■ **Task goal**
Transcribe every entry exactly, leaving out any pictures.

Start of Provided data

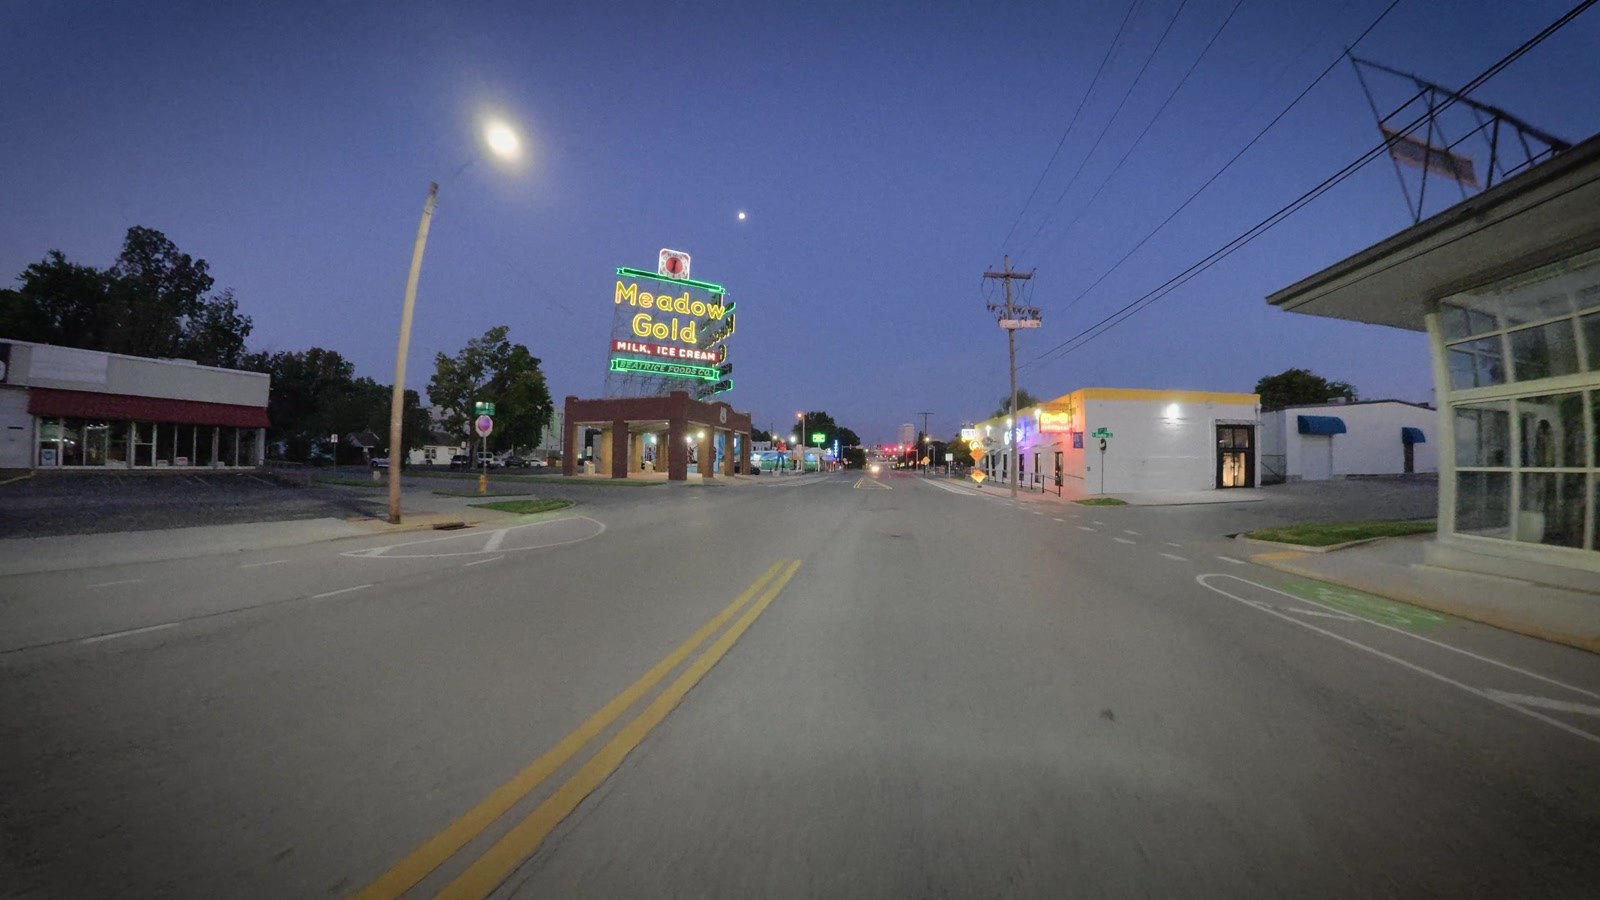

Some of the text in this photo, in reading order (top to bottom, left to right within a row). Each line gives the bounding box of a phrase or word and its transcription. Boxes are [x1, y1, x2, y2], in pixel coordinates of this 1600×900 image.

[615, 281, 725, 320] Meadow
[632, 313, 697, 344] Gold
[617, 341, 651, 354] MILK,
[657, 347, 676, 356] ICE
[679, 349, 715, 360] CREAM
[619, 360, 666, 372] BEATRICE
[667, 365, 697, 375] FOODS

End of Provided data

■ **Task response**
Some of the text in this photo, in reading order (top to bottom, left to right within a row). Each line gives the bounding box of a phrase or word and its transcription. Boxes are [x1, y1, x2, y2], in pixel coordinates of this 1600×900 image.

[615, 281, 725, 320] Meadow
[632, 313, 697, 344] Gold
[617, 341, 651, 354] MILK,
[657, 347, 676, 356] ICE
[679, 349, 715, 360] CREAM
[619, 360, 666, 372] BEATRICE
[667, 365, 697, 375] FOODS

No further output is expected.